11. To derive income from the processing of waste.
12. To ensure proper processing of MSW by means of Centralized and Decentralized Processing treatment units.
13. To ensure safe disposal of waste including bio-medical waste, C & D Waste, E-Waste and other Special category waste
14. To do institutional strengthening.
15. To have public participation in order to have proper segregation and efficient collection system.

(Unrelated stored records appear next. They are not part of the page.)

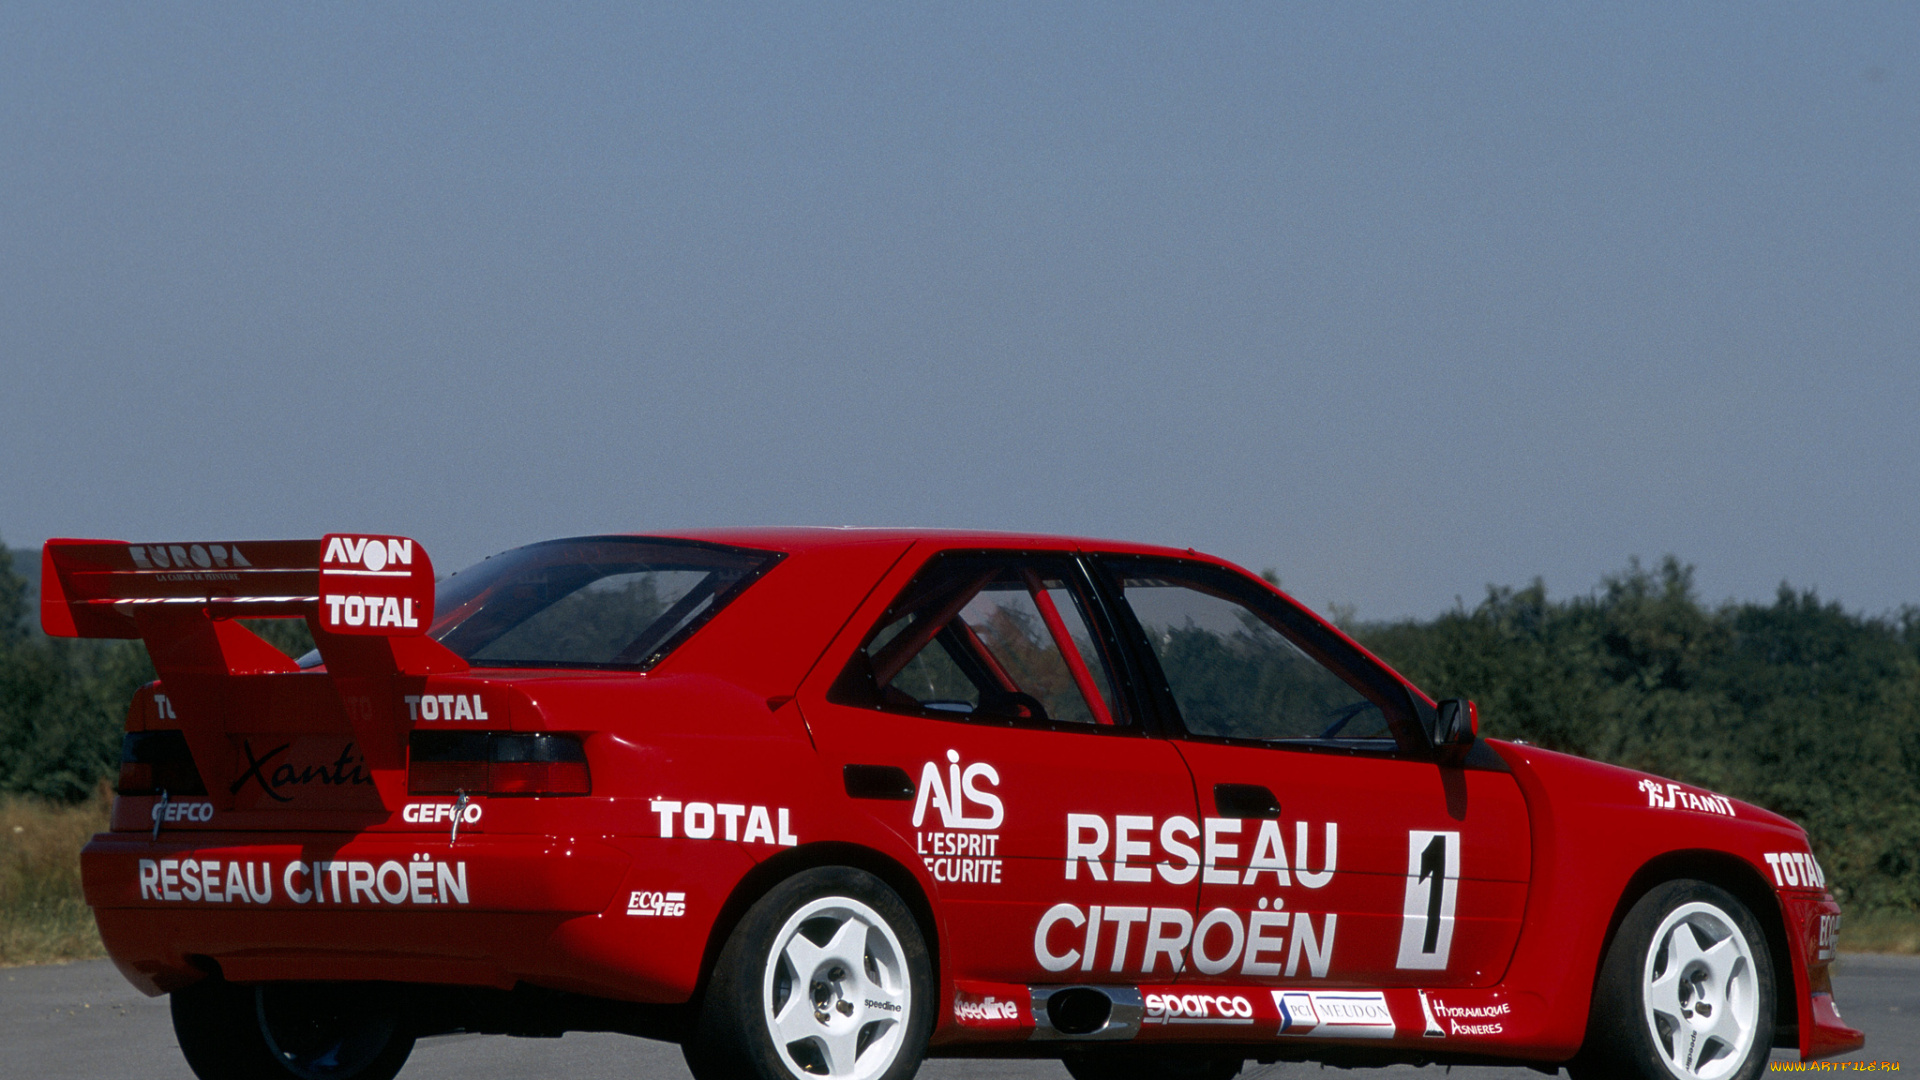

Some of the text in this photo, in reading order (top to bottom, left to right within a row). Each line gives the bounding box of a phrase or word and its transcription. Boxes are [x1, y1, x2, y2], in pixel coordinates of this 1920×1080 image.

[128, 544, 253, 569] EUROPA
[323, 537, 412, 571] AVON
[325, 594, 418, 628] TOTAL
[404, 694, 488, 720] TOTAL
[229, 739, 373, 802] Xanti
[151, 802, 213, 822] GEFCO
[651, 801, 798, 847] TOTAL
[917, 832, 999, 857] L'ESPRIT
[1064, 812, 1338, 889] RESEAU
[139, 852, 470, 905] RESEAU CITROËN
[1418, 834, 1447, 955] 1
[1034, 896, 1338, 978] CITROËN
[864, 998, 902, 1012] speedline
[1145, 994, 1253, 1025] sparco
[1290, 1004, 1389, 1018] PCI MEUDON
[1433, 999, 1511, 1018] HYDRAULIQUE
[1450, 1017, 1503, 1036] ASNIERES
[1685, 1029, 1698, 1071] speedlin
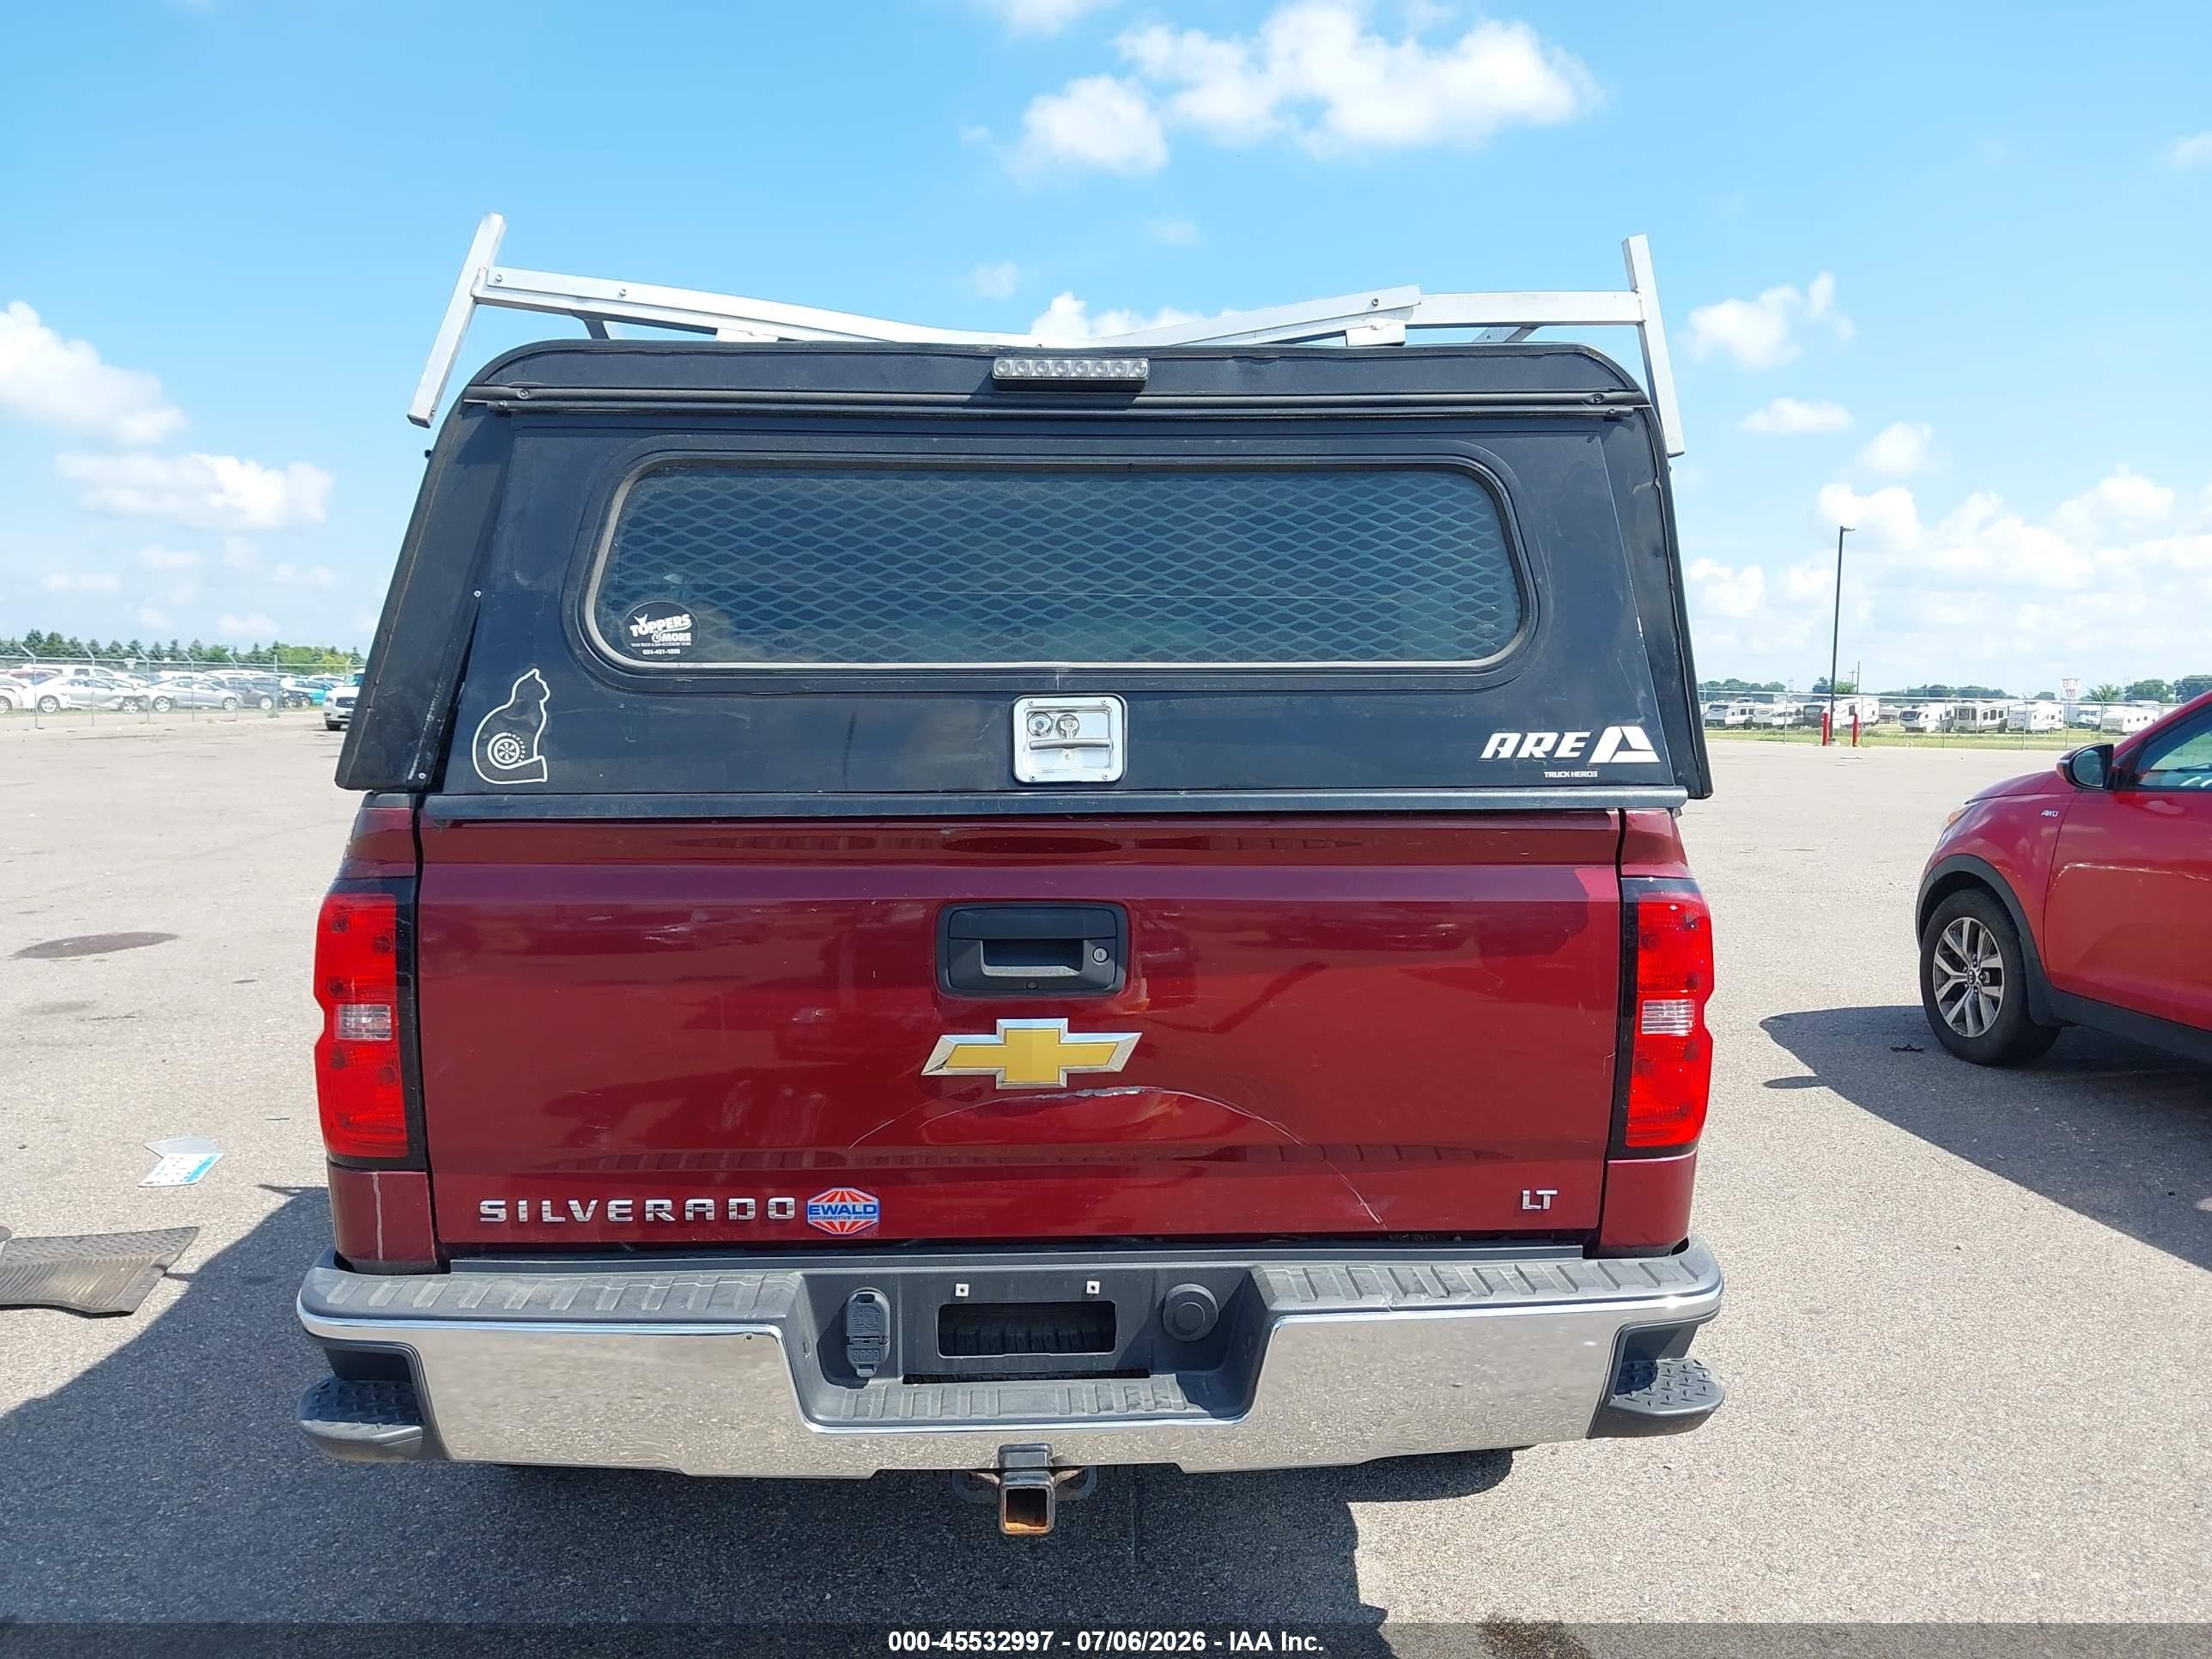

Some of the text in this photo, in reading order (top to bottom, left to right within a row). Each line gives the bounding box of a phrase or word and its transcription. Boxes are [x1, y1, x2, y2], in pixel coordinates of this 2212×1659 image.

[629, 614, 692, 636] TOPPERS
[661, 633, 691, 642] MORE
[1480, 732, 1591, 759] ARE
[480, 1197, 795, 1222] SILVERADO
[808, 1204, 877, 1215] EWALD
[1522, 1189, 1559, 1210] LT
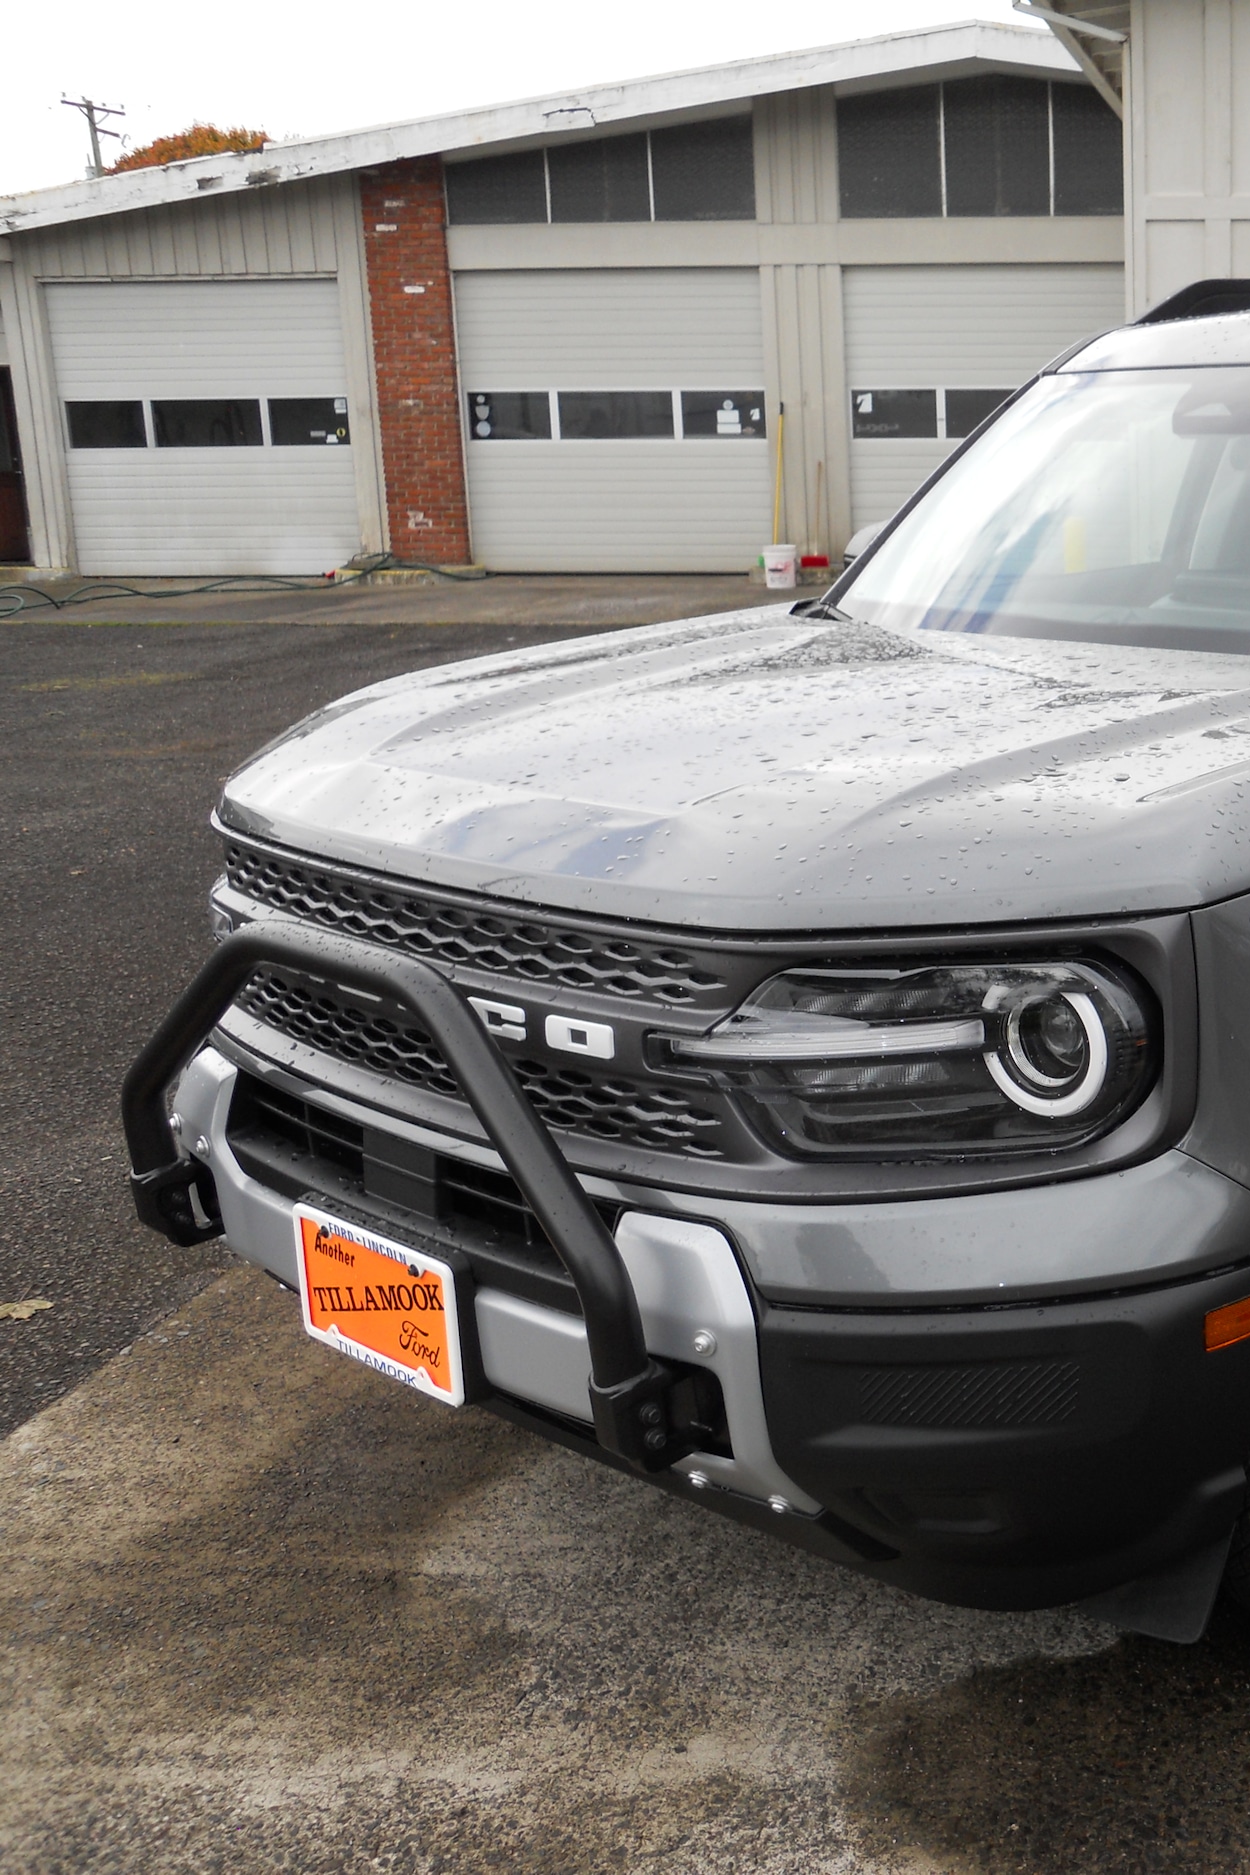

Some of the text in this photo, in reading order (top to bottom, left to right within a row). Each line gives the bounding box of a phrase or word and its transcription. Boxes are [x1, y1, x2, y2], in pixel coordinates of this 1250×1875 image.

GOVERNMENT OF INDIA HAS RELEASED A GUIDELINE FOR SOLID WASTE MANAGEMENT (SWM) (https://mohua.gov.in). SOME OF THE MAJOR HIGHLIGHTS ARE AS BELOW:

Preparation of Detailed Project Report (DPRs) DPRs should be prepared as per the guidelines laid down in the Manual on Solid Waste Management published by this Ministry, which should include:

• Existing status of SWM in the towns including mechanism and infrastructure for collection, transportation, treatment & disposal. The details should include existing equipment/machinery and other infrastructure available with ULB (Urban Local Bodies) and its age. The mechanism & O/M of the equipment available, present establishment expenditure, technical and non-technical manpower available.
• Field study be carried out in commercial / institutional and residential areas to assess the quantity of garbage generated in the city before planning the system and report of the field study be included in the DPR.
• Complete physical characterization of waste, including moisture content, density and etc. as well as weight & volume of quantity of bio-degradable, non-biodegradable & recyclables available in the waste produced in the town every day and test report for quality of garbage from a standard test laboratory.
• Existing system of collection, storage, transportation, processing, treatment and disposal of waste and proposed system of collection, transportation and process of treatment & disposal, fully justifying the process adopted including in-house facility of maintenance and repair if available in ULB.
• Justification for equipment & machinery required, if any, for collection and transportation based on the time and motion study in order to ensure optimum utilization of the same.
• Detailed designs & drawing of proposed Solid Waste Management System including sanitary landfill / waste processing plants should be included in the DPR. Details of the survey and geo-hydrological investigation carried out for development of sanitary land fill.
• Mechanism of operation & maintenance of equipment & machinery and its upkeep, preventive maintenance on regular basis for existing and proposed equipment & machinery.
• Mechanism of operation and maintenance of sanitary land fill / waste processing plant on self-sustaining basis including details of engagement of private sector, if any.
• A routing plan for storage and collection of garbage, marked out on the city’s layout plan, to facilitate easy operations in SWM services.
• Proposed institutional and financial reform after completion of scheme.
• An action plan for effective O/M through imposition of user charges.
• Details of suitable land for setting up of integrated waste management facility in possession including land for sanitary landfill While preparing the detailed project report for any city / town

POSSIBLE WASTE MANAGEMENT OPTIONS

At least 50% to 55% of municipal solid waste is also a valuable resource which can be recovered profitably using different technologies through following options.

1. WEALTH FROM WASTE

The organic fraction of municipal solid waste contains bio-degradable matter ranging from 30% to 55% depending upon the size of the city, income levels of citizens, eating habits of the population and ongoing economic activity. This organic matter can be profitably converted into useful products like compost (organic manure), methane gas (used for cooking, heating, lighting, production of energy) etc. through the following processes:

(a) Waste to Compost

(i) Aerobic / Anaerobic Composting is a process of conversion of biodegradable waste into stable mass by aerobic / anaerobic decomposition producing Carbon-di-oxide, Nitrogen, Phosphorous, Potassium etc. useful for soil fertility.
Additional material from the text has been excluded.